PARIS -- Stock markets retreated Tuesday due to global worries about the impact of the eurozone debt crisis and as investors awaited a key speech by the U.S. central bank chief.
Investors are looking for confirmation that central banks in the U.S. and China will provide more economic stimulus and that the European Central Bank will intervene in bond markets to lower some countries' high borrowing costs.
Federal Reserve Chairman Ben Bernanke will hold an important speech later this week that investors will watch carefully for clues about the central bank's intentions to try to speed up the U.S. economic recovery.
Meanwhile, the ECB plan remains subject to debate ahead of the bank's monthly meeting on Sept. 6, when it is expected to announce more details. Germany's central bank is still opposed to the plan to buy government bonds.
Until the central banks clarify their positions, investors are likely to remain cautious, analysts say.
By midday in Europe, stocks were trading down across the board. Britain's FTSE 100 lost 0.1 percent to 5,771.24. Germany's DAX fell 0.4 percent to 7,024. France's CAC-40 lost 0.4 percent to 3,451.
Wall Street appeared headed for a weak open, with Dow Jones industrial futures rising only slightly to 13,110. Standard and Poor's 500 futures rose less than 0.1 percent to 1,409.
Spain saw some good news from a bond auction in which it sold (euro) 4 billion ($5 billion) in short-term debt at much lower interest rates, reflecting easing concern that the country will need a full-blown bailout. A downgrade of economic growth over the past two years, however, underscored the country's huge economic problems.
In neighboring Portugal, foreign inspectors arrived for meetings with local officials to assess the country's compliance with terms of its bailout agreement.
Bailout lenders may have to grant Portugal more time to meet its deficit goal -- something they are already hesitant to grant to Greece, which is also missing its debt reduction targets. The inspectors may therefore demand more austerity, which could drive the weak Portuguese economy deeper into trouble.
In Germany, consumer confidence also provided some relief. The GfK research institute said consumer confidence in Europe's largest economy was stable despite the ever-increasing worries that Germany will suffer from the debt crisis weighing on many other European countries.
Earlier in Asia, the Tokyo Stock Exchange's benchmark Nikkei lost 0.6 percent to close at 9,003.29. South Korea's Kospi index was down nearly 0.1 percent to 1,916.33, while the Hang Seng index inched up marginally to 19,811.80. Key indexes dipped in Singapore, Indonesia and Taiwan, while rising in New Zealand, mainland China and Australia.
Also weighing on sentiment was a monthly Japanese government report on the economy, released Tuesday, whose language on the main assessment was changed -- to a more pessimistic one, for the first time in 10 months -- to highlight concerns about weaknesses, stemming from dwindling exports.

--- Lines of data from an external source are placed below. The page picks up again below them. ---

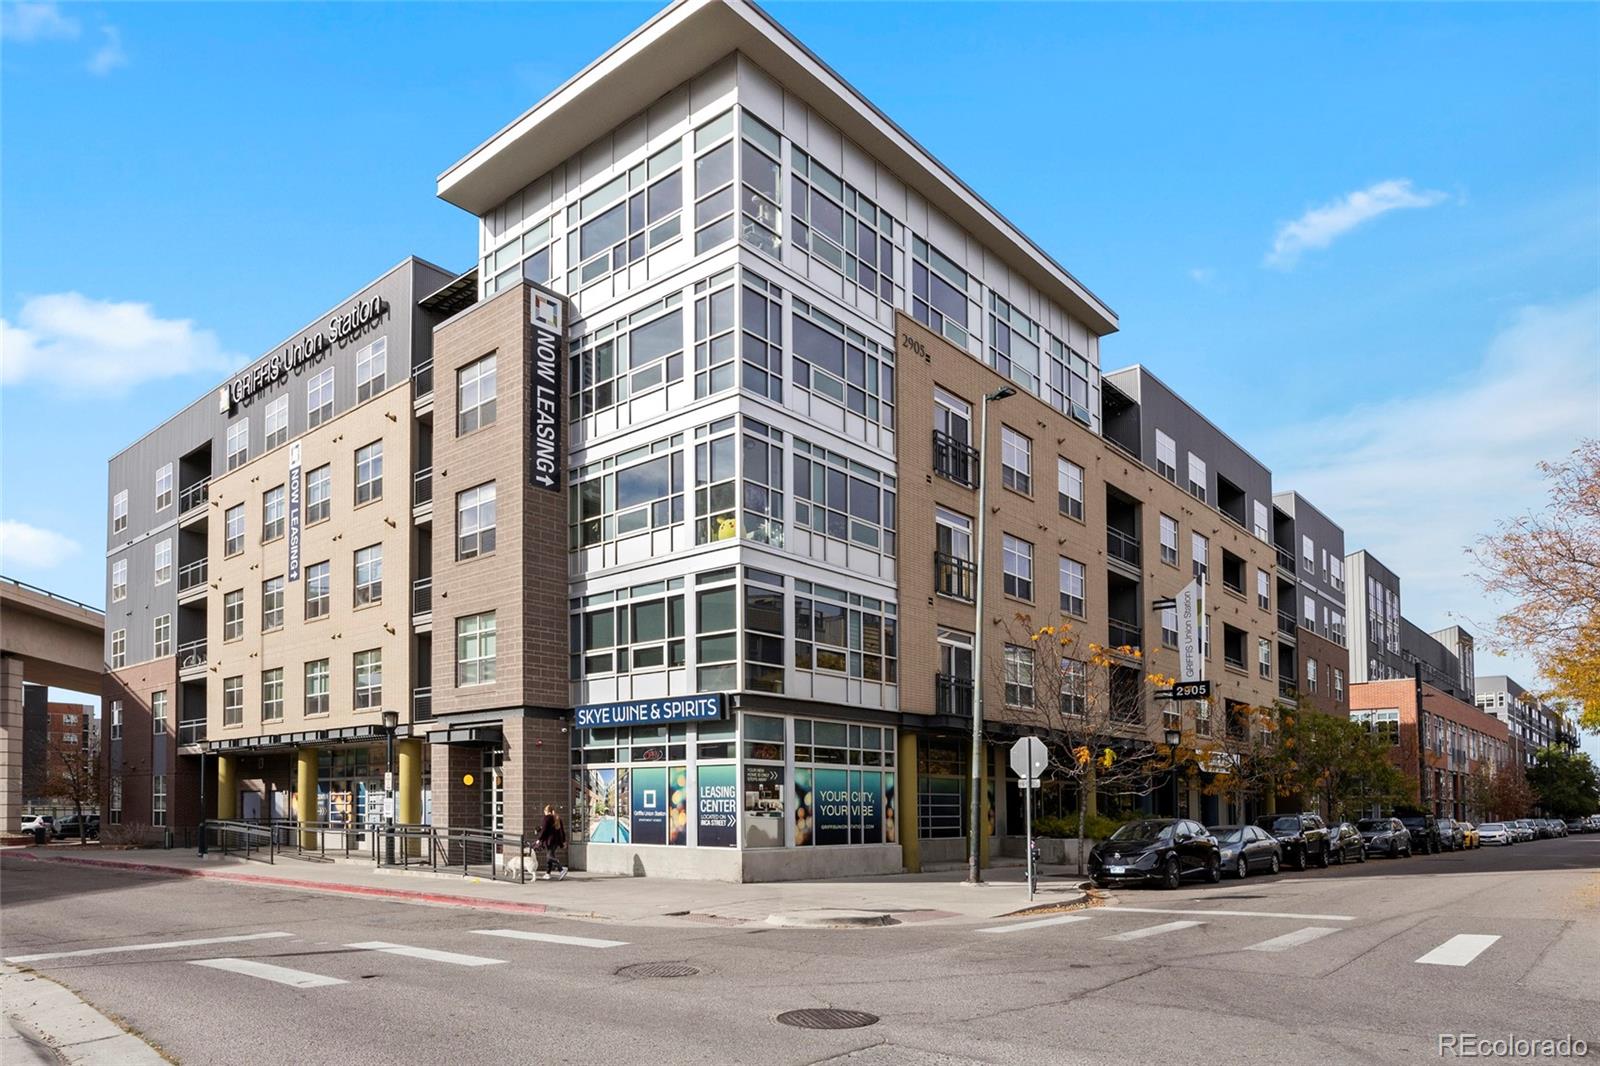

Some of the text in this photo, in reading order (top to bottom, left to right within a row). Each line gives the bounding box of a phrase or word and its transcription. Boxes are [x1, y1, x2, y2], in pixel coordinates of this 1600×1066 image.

[233, 295, 381, 403] GRIFFIS Union Station
[902, 333, 925, 358] 2905
[536, 329, 556, 473] NOW LEASING
[290, 469, 299, 570] NOW LEASING
[1184, 591, 1194, 678] GRIFFIS Union Station
[1176, 685, 1206, 696] 2905
[578, 698, 717, 725] SKYE WINE & SPIRITS
[700, 785, 735, 798] LEASING
[820, 790, 848, 802] YOUR
[700, 799, 736, 812] CENTER
[820, 805, 874, 816] YOUR VIBE

Concerns about a slowdown in China, the major driver of growth in recent years, were behind the change, Japan's Cabinet Office said.
In other markets, the benchmark oil contract for October delivery rose 74 cents to $96.21 per barrel in electronic trading on the New York Mercantile Exchange. The contract fell 68 cents to end the day at $95.47 in New York on Monday.
In currencies, the euro rose to $1.2551, up from $1.2503 late Monday in New York. The dollar fell to 78.56 yen from 78.75 yen.